• _SOURCE MATERIAL_:
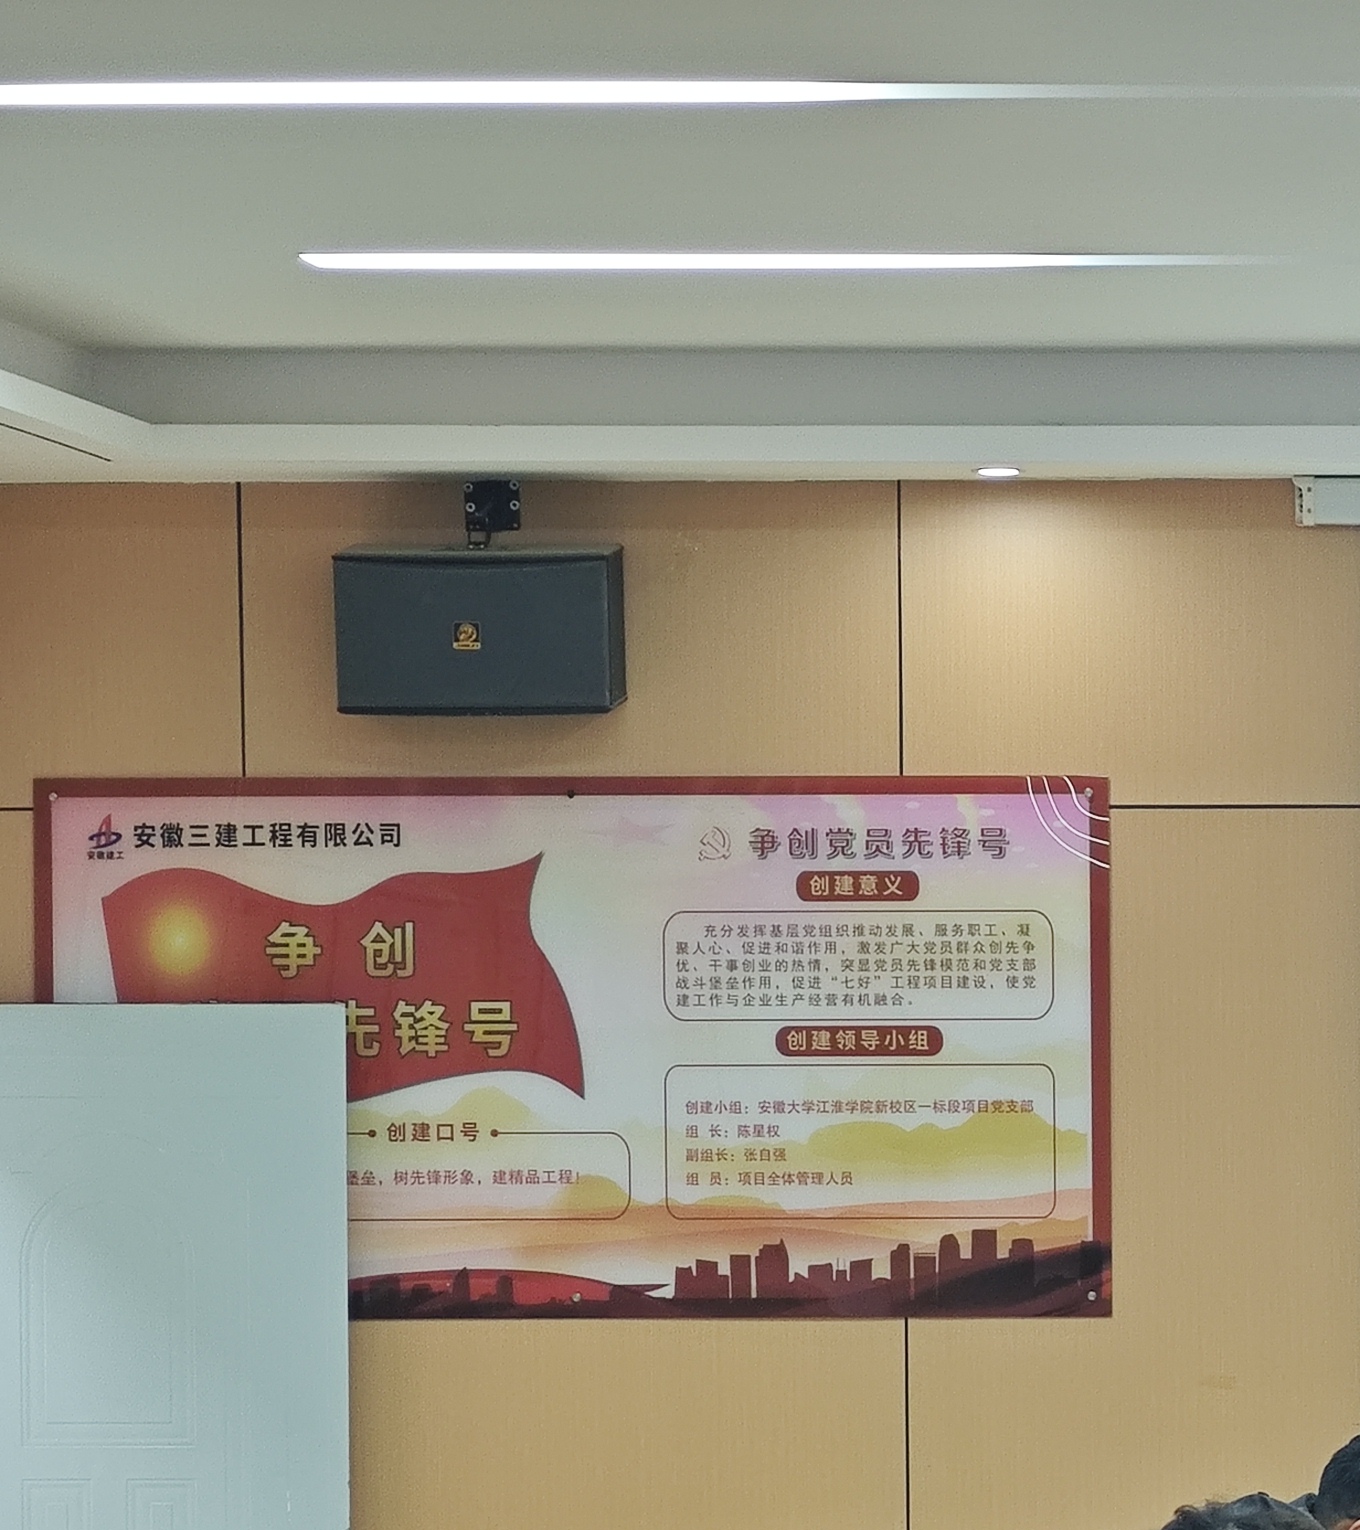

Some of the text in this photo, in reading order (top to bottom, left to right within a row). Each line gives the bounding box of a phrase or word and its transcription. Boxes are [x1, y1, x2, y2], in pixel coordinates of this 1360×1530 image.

[132, 822, 402, 849] 安徽三建工程有限公司
[748, 826, 1011, 862] 争创党员先锋号
[808, 874, 903, 897] 创建意义
[704, 923, 1032, 938] 充分发挥基层党组织推动发展、服务职工、凝
[264, 920, 417, 980] 争创
[675, 941, 1036, 956] 聚人心、促进和谐作用，激发广大党员群众创先争
[675, 958, 1037, 973] 优、干事创业的热情，突显党员先锋模范和党支部
[675, 993, 913, 1008] 建工作与企业生产经营有机融合。
[786, 1029, 930, 1052] 创建领导小组
[386, 1121, 480, 1143] 创建口号
[684, 1147, 787, 1163] 副组长：张自强

• _ACTION ITEM_: All entries above should be printed exactly, though without their pictures.

• _EXPECTED ANSWER_:
Some of the text in this photo, in reading order (top to bottom, left to right within a row). Each line gives the bounding box of a phrase or word and its transcription. Boxes are [x1, y1, x2, y2], in pixel coordinates of this 1360×1530 image.

[132, 822, 402, 849] 安徽三建工程有限公司
[748, 826, 1011, 862] 争创党员先锋号
[808, 874, 903, 897] 创建意义
[704, 923, 1032, 938] 充分发挥基层党组织推动发展、服务职工、凝
[264, 920, 417, 980] 争创
[675, 941, 1036, 956] 聚人心、促进和谐作用，激发广大党员群众创先争
[675, 958, 1037, 973] 优、干事创业的热情，突显党员先锋模范和党支部
[675, 993, 913, 1008] 建工作与企业生产经营有机融合。
[786, 1029, 930, 1052] 创建领导小组
[386, 1121, 480, 1143] 创建口号
[684, 1147, 787, 1163] 副组长：张自强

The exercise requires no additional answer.